William M. Dewee’s elected service as Sheriff ended in the fall of 1776. In the election of November 1776, William Masters won, defeating James Claypoole. Masters declined to serve. Claypoole was not commissioned until June 1777.[54] While the office was officially vacant, William M. continued to serve and was still on the job as the British approached.

A young army fifer, who had returned to Philadelphia after Brandywine, met him. He later wrote:

On our day previous to leaving Philadelphia, I was out taking a walk around the city . . . I espied some fine looking cabbage in a back lot . . . I had just pulled up a head . . . Whilst in this position I was surprised and taken prisoner by a “strapping big” negro, . . . The negro took me into the house . . . There happened to be some company with the man of the house that night . . . the negro . . . catching me as he did, created some fine sport for them. The gentleman of the house asked me my name. I told him it was Samuel Dewees. Samuel Dewees (said he). Yes, sir, was my reply . . . He then asked me where my father lived. I told him that he lived in Reading. He then asked me what my father’s name was. I told him that it was Samuel Dewees. He then asked me what business my father followed. I answered by trade that he was a Leather Breeches maker. By these answers to his interrogations, he found that he and I were second cousins, his father’s, father and my father’s, father [Cornelius Dewees, 1682-?] having been brothers. This man’s name was William Dewees who was then the High Sheriff of Philadelphia County. . . . I was very glad, however to get off as I did, . . . the British taking Philadelphia in a few days thereafter, September 26, 1777, we were forced to fly from the barracks.[55]

As General Cornwallis marched into Philadelphia, William M. was captured and confined. Hopefully, he was kept with captured officers in the State House. There, “their Bedding & blankets were greatly deficient, that they had Sent in a Petition to Genl Howe relative to their Provisions & firing to Which they hoped An Answer but had not Recd it.”

If he had the misfortune to be held in the Walnut St. Prison with common soldiers, “their Sufferings Are Very great. Many of them already Naked, with Very little Bedding & blankets. Their Allowance of Provisions by no means Sufficient, with Very little firing.”[56]

In such miserable circumstances, William M. died at age sixty-six.
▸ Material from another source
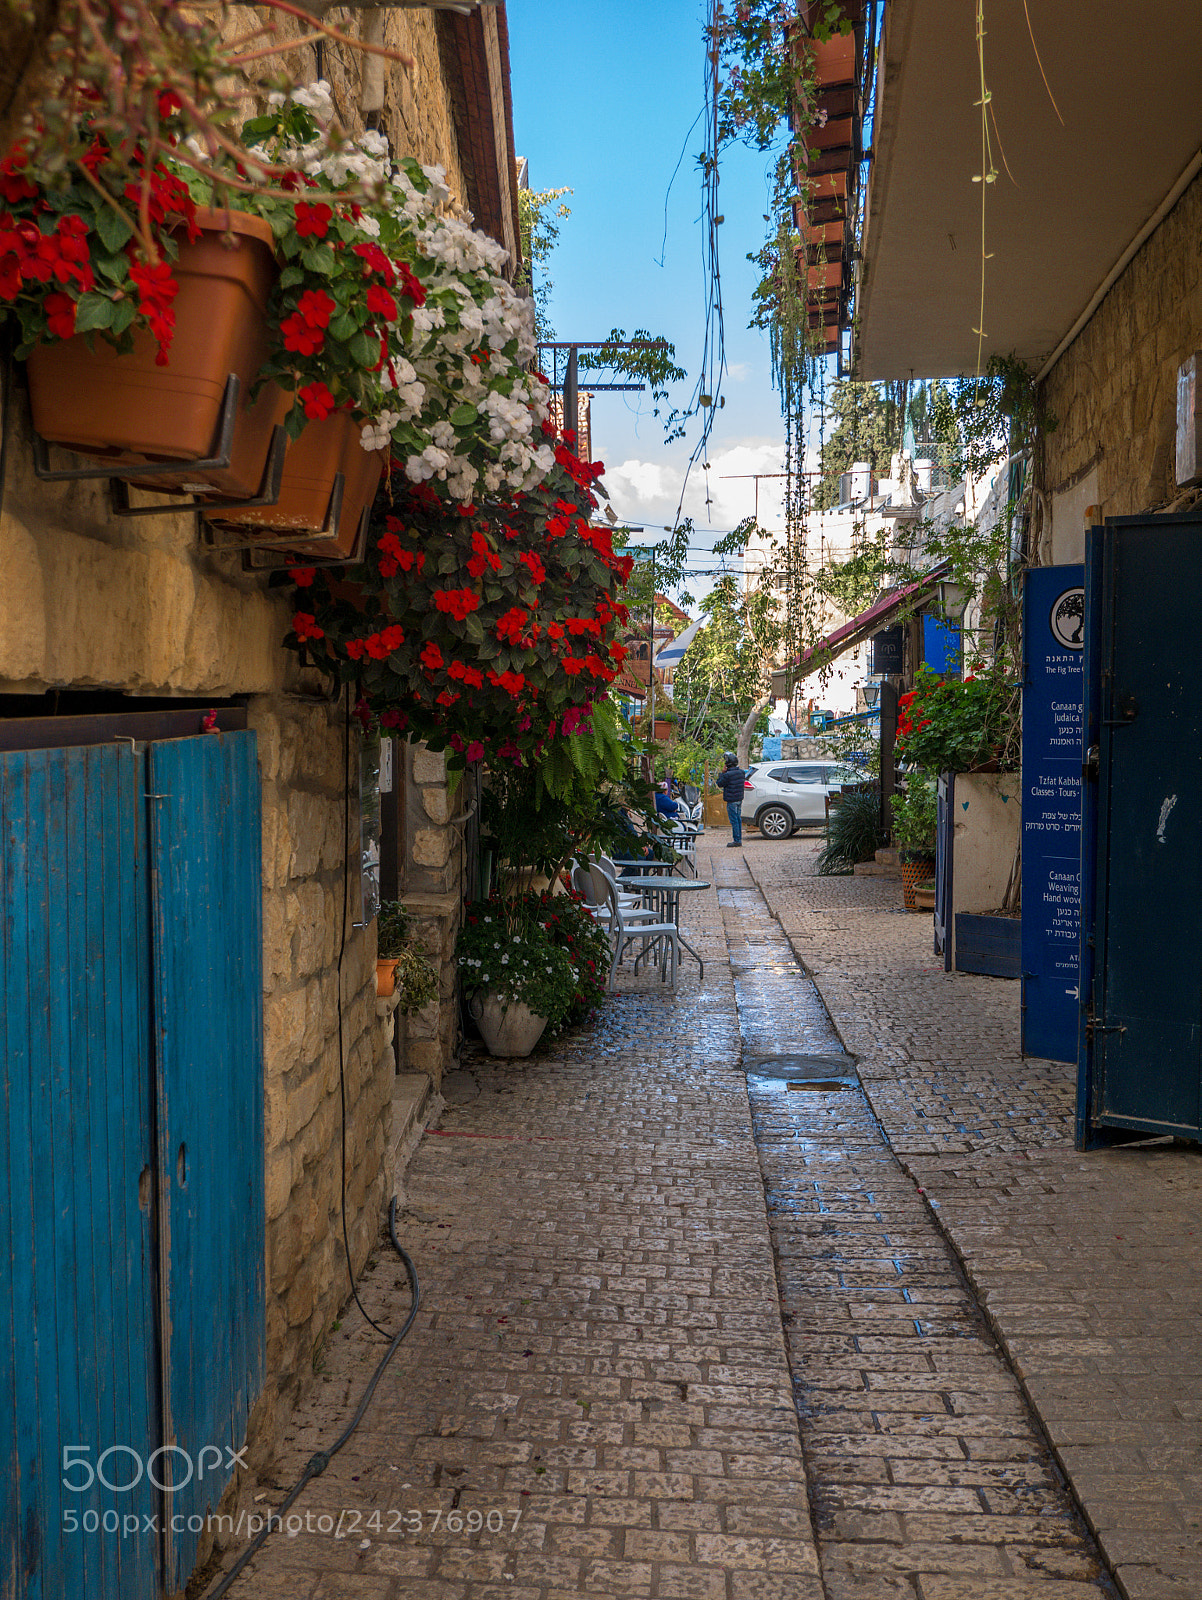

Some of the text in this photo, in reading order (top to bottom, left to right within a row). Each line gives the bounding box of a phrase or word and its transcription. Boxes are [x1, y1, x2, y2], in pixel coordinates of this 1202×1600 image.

He was likely buried along with many other prisoners in nearby Potter’s Field.[57]

William F. In Service to George Washington

In early October William F. set off for Philadelphia with a neighbor, Joseph Cloyd, a captain of the militia. After leaving Tredyffrin, they had only gotten as far as Ridge Pike and turned south toward the city when they were captured. They were sent to Philadelphia and held until November 14. During that time, Cloyd testified and William F. affirmed that:

they were confined in the General Guard . . . three days & an half without a Morsel of any kind of Provision, from thence they were removed to the new Gaol [Walnut St. Prison] where they had liberty to walk in the yard – that during the first Six days of their Captivity [there] he did not receive one mouthful of Provision, but what was brought by his Wife who come into the City on the Fourth day. On the Sixth day of that imprisonment, they drew three biscuit & about One-Quarter of a pound of Pork-they did not draw again until five days after when they again drew . . . about enough to serve a man for a meal-they then removed to the old Gaol [Stone Prison], where they remained so long as to make up three Weeks in the whole

Finally, Cloyd’s wife,

not being able to get any Provisions [went] to Joseph Galloway, Esq in order to get their discharge to prevent their starving—the answer was that unless they would take the oath of allegiance they must remain.

They took the oath and were discharged.[58]

On November 14, General Washington added a postscript to a letter to General Howe concerning the exchange of prisoners:

P.S. Just as I was about to close my Letter. Two persons Men of Reputation came from Philadelphia. I transmit you their Depositions respecting the treatment they received while they were your prisoners. I will not comment upon the subject. It is too painful.[59]

In November, William F. named his new-born son George Washington Dewees (1777-1834).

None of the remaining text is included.